March 24, 2019

In 1879 No One Died of Old Age

If one were to think that the Arizona 1880 Mortality Schedule for deaths in 1879 was as dry a source as the Arizona desert just prior to the monsoons—he’d be right! But when one extracts the data for Yavapai County, the way of death in 1879 paints a poignant picture of a most difficult way of life.

First a word about the source. It is a short book. The main body, the listing of deaths, doesn’t quite fill 4 pages. It was gleaned from the US Census and lists the deaths of anglos only with several Mexicans mixed in. The total number of Yavapai County deaths that year, 66, seems a small number to us today, but this is due to the small anglo population at that time.
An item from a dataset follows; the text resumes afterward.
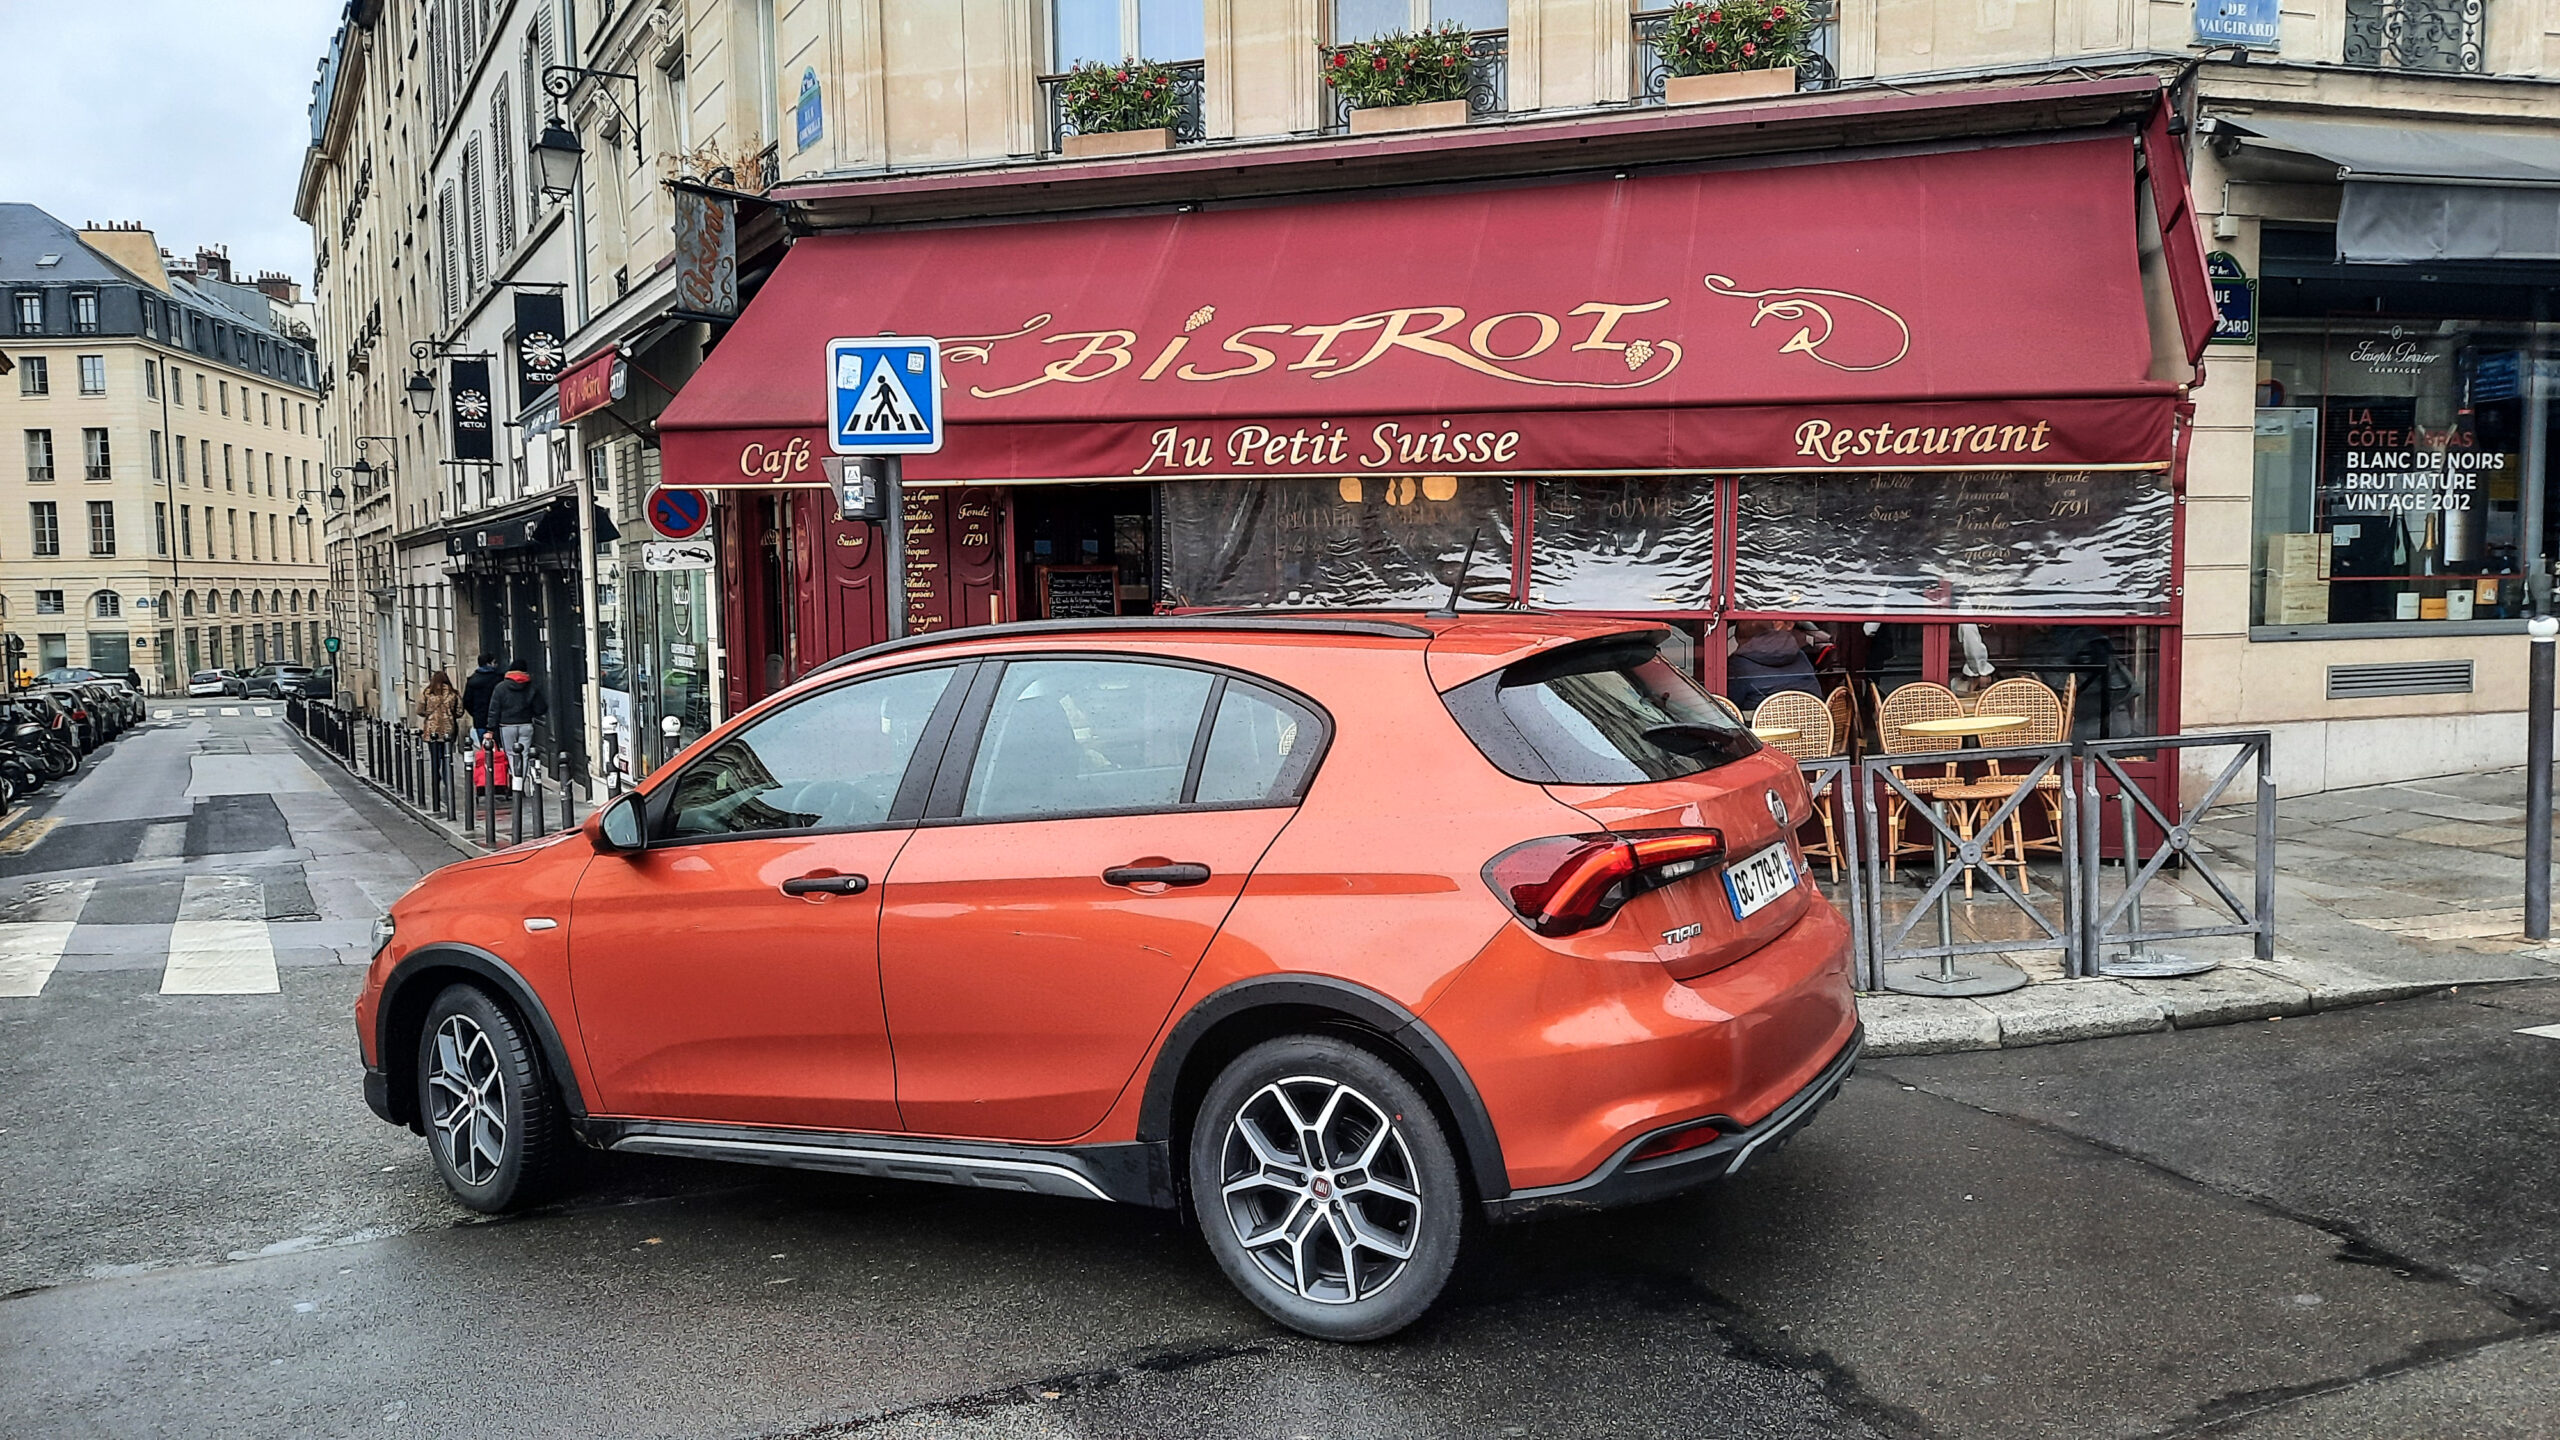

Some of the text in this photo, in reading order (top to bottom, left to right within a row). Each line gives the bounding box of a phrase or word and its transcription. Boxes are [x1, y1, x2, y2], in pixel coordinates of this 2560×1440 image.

The first, most noticeable fact is that no one in the county had old age listed as the cause of death. Two men, aged 70, were the oldest in the county to die, but they would have undoubtedly lived longer had not one, a miller, succumbed to a stomach abscess; or the other, a miner, contracted pneumonia (as did 3 other people that year.)

The highest cause of death at 12% was homicide; the vast majority by gunfire. Two victims were 49; three were 28; one was 23 and one was a teen-ager. All were males.

The second highest cause of death involved mining accidents and accounted for 9% of the total deaths in the county. Disturbingly, over 80% of these mining deaths occurred on two separate occasions at the Tiger mine.

The first occurred in September, 1879 when a tunnel collapsed. Three miners, aged 27 to 32, perished. On speaking of the incident the Weekly Arizona Miner wrote: “We are informed by a miner who lives in Bradshaw, that the recent accident in the Tiger mine, whereas 3 miners were killed was owing to bad management on the part of the company. The machinery is said to be defective.”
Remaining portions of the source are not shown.